Re: got linux version running... now what?
Phil Frost <indigo <at> bitglue.com>
2005-07-12 17:16:13 GMT
On Tue, Jul 12, 2005 at 12:00:06PM -0400, Robert Brewer wrote:
> Thanks for the tips, I built the user-space linux version of uuu from
> darcs and ran it.
> I poked around in the python interpreter and got the shell going,
> and also ran gatest.
I don't think gatest really applies to the linux version. Did it do
anything interesting?
> So now I'm again wondering just what it is I have. I've been wrapping
> my brain around capability-based systems and single-level stores
> for the past couple of weeks and liking the ideas. Also, I've gone
> through the past few months of mailing list archives and getting
> into Phil's insights on design. It seems that Phil's ideas are
> all about minimizing the impedance mismatch between what
> an application wants to do and what the underlying system
> abstraction supports, as well as carefully unifying similar
> abstractions as much as possible.
>
> The idea of no address spaces, no separation of kernel and
> user space sounded pretty strange, but upon more reflection
> I'm seeing that capabilities could allow that to work. The "kernel"
> can follow POLA and only give capabilities that each object
> actually needs, and with no other way to access those
> functionalities, there is no need for memory protection. Is that
> the idea?
That sounds like the right idea. Try not to even use "kernel" in the
context of unununium, because it doesn't really mean anything. The agent
that will be giving capabilities will ultimately be the user, although
quite often indirectly.
> When I look at it that way, I find myself wondering why
> we need MMU hardware. I start questioning a lot of
> things about today's systems. But then I figure a lot
> of that hardware must be there for a reason. I guess
> the MMU is still needed to efficiently manage the single
> level store. So rather than using its protection abilities
> to prevent "processes" from stepping on each other,
> its main purpose is to efficiently fault in pages and
> handle copy-on-write. The processes can't step
> on each other because they
> can't construct their own addresses, and so have
> no way of performing unsafe actions on other
> processes.
>
> On the other hand, it seems to me that for performance
> and convenience sake, there must be some different
> "layers" to what is happening. For example, I'd really
> like to pass around capabilities for space usage, processor
> usage, network bandwidth, etc. But every python
> function will need to use some space and some processor.

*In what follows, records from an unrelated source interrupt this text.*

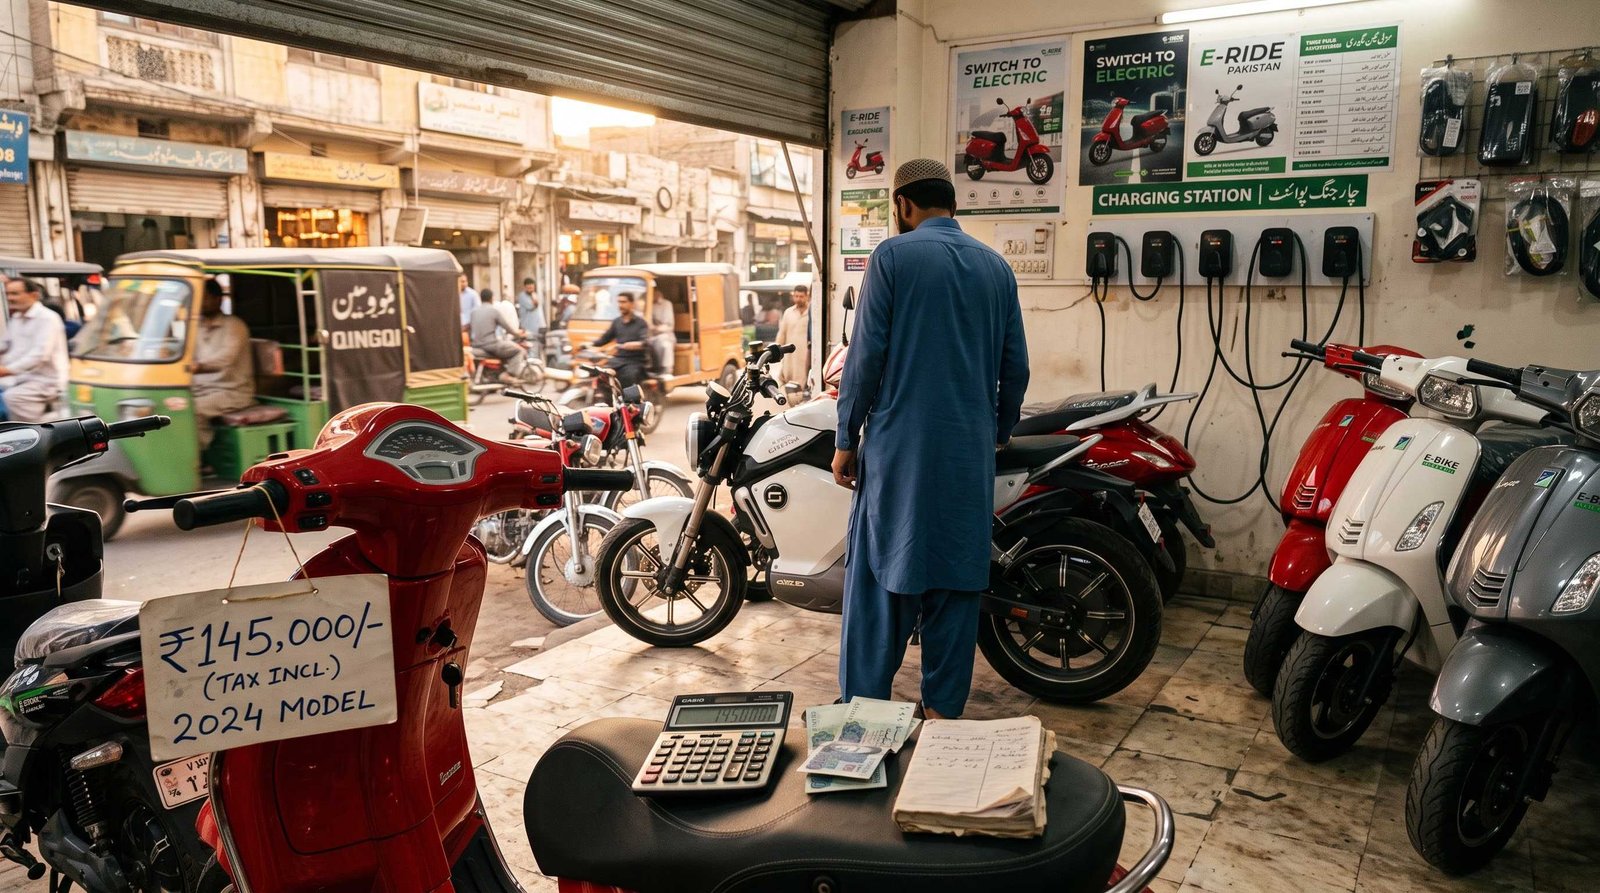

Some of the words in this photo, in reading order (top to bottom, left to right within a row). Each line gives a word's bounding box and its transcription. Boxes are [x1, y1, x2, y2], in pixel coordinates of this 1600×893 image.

[1096, 52, 1152, 68] SWITCH
[1155, 50, 1176, 62] TO
[1200, 42, 1285, 66] E-RIDE
[964, 59, 1019, 76] SWITCH
[1023, 57, 1041, 69] TO
[1096, 64, 1175, 83] ELECTRIC
[1227, 62, 1281, 75] PAKISTAN
[973, 70, 1048, 89] ELECTRIC
[850, 112, 881, 122] E-RIDE
[1098, 190, 1180, 206] CHARGING
[1183, 188, 1252, 204] STATION
[331, 328, 402, 350] QINGQI
[1423, 453, 1460, 470] E-BIKE
[1577, 492, 1600, 505] E-B
[203, 671, 260, 701] (TAX
[268, 654, 341, 686] INCL.)
[173, 702, 263, 745] 2024
[280, 689, 375, 723] MODEL

> Taken to its logical conclusion, I would need to pass
> a space-bank reference and a processor-meter reference
> into every function. I don't want to program like that.
> I would want a way of specifying defaults for those
> in a section of code. Would aspect-oriented programming help?
> Would I set some sort of global variable? Maybe I need a separate
> "capability stack" that is logically passed into each function
> I call. Its purpose is to pass heavily-used capabilities
> like space and processor time.
> Often I would pass the current frame on the capability
> stack to my next function, so I would do nothing. Most
> other capabilities would be passed as explicit arguments.
> Well, that's just some capability meandering...
The MMU is still needed to service page faults, just as it is used to
implement swap in any one address space now. If we had cpus with huge
address spaces, big enough to hold all data we would ever want, the MMU
would be sufficient.
However, anyone with even a small mp3 collection has more than 4 GB of
data, so there must be some way to reference it all. A VM of some sort
is already required for secure operation, so that VM layer can be used
to solve the small address space problem. In the VM, a reference will
not be a 32 bit pointer to some address space, but instead something
bigger. Maybe there will be some virtual 64 bit (or bigger...64 bits is
only 16 exabytes) address space, or maybe instead of pointers to some
location they will be sequential object IDs or, something like that. Of
course it would be terribly slow to implement this simply, so the VM
would need to perform some compilation to perform reasonably.
As far as holding references to commonly needed resources, each language
already has some way to deal with this problem. In Python for example,
references are received by __init__ and stored in a class instance;
methods of that class can then access them later. Functional languages
have closures, etc.
> So what are some items on the todo list? I see a lot of
> pythonized device-driver type of code in pymodules. Are
> they relevant with the Linux userspace version?
Probably not. Right now, Unununium in linux is nearly identical to the
python interactive mode. Most of the code is driver stuff that no longer
applies.
The next goal is to get orthogonal persistence working in some form.
There is some work in this area; take a look at
pymodules/uuu/linux/paging.py and pymodules/uuu/tstorage.py for a start.
Neither of these are beyond the experimental stage, so don't let them
box your creativity. One goal I did have in mind when writing them was
to keep the platform specific code to a minimum.